Stella let it drop, because there was no point in getting her mother upset. But she had already started to make up her mind about her own future. She wasn’t interested in marrying a man like her awful, braying father, or having her body torn open to bear him a child. The more she thought about it, the less she could imagine being married to any man at all.

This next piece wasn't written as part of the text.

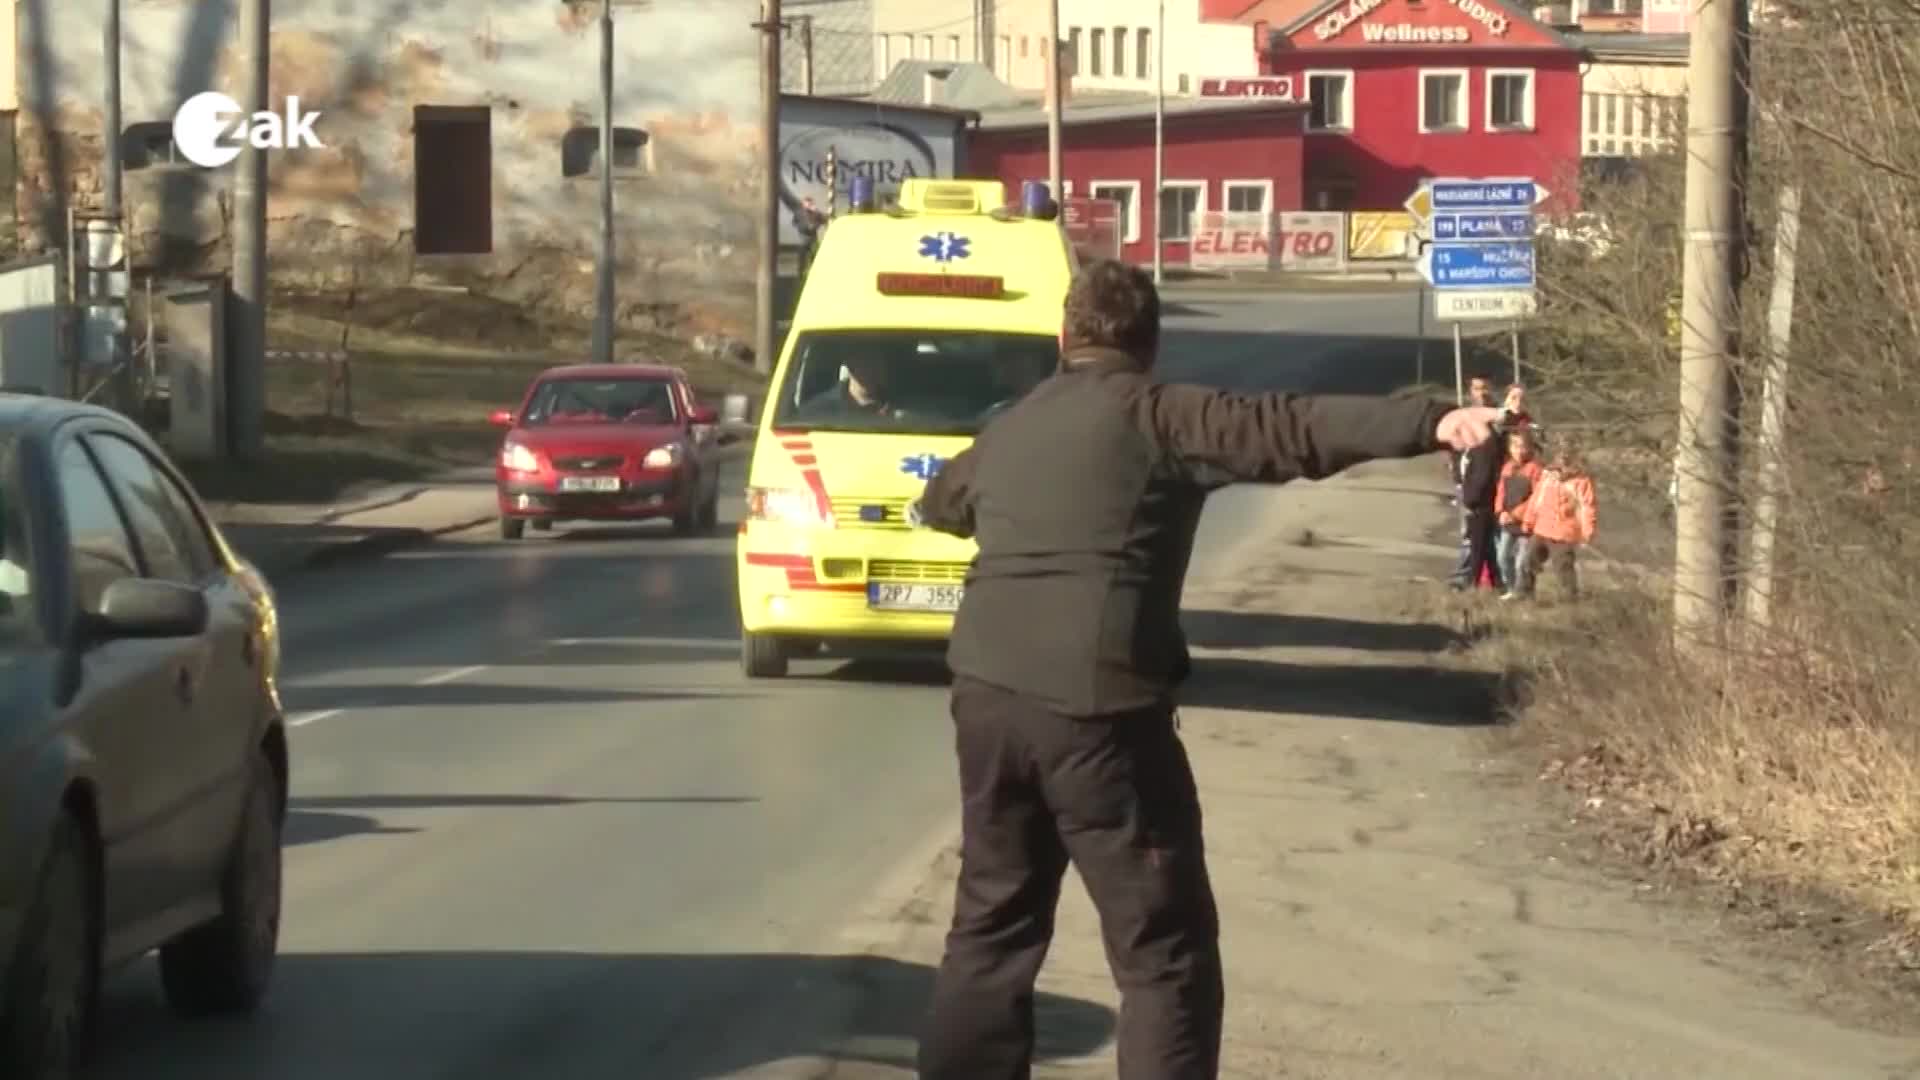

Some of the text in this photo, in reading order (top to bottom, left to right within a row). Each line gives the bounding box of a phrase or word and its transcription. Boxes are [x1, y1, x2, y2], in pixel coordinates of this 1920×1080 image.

AFTER THE MIDDAY MEAL,while Stella stitched with intense focus by the lemon tree window, the whole of Ievoli shut itself up until the first call to mass at five thirty. Houses were silent and dark, the bougainvillea blossoms bobbing genially in the breeze the only sign of movement. The fountain, the village’s source of life, burbled unmolested by laundry-scrubbing housewives. The garden plots were as empty as if they had planted themselves, the shiny faces of the tomatoes and chili peppers glinting red on their righteous stakes. A foreign traveler passing through at the wrong time of day might think the town had been abandoned completely, that it was haunted by the ghosts of perfectionist horticulturalists.

The Fortuna house was among the shabbiest now. The Fortuna girls were at a social disadvantage, with their missing father and no dowry. But by 1935, when Stella was fifteen and Cettina about to turn fourteen, they had established themselves nonetheless as the Ievoli town beauties. They were good-looking to begin with, all clear skin and plump lips. But Stella had made them the most beautiful by making them the best dressed.

With the little bit of extra money she’d made from selling silk and lace pieces, Stella had purchased cloth from the peddler to make herself and Cettina fine new dresses. She experimented with stylish puffed sleeves and narrow, tailored waists. The girls changed into these dresses for mass in the evening, which was a vanity the Lord surely sanctioned because it gave everyone in town a reason to come to church, to gossip about the pretty, vain Fortuna girls.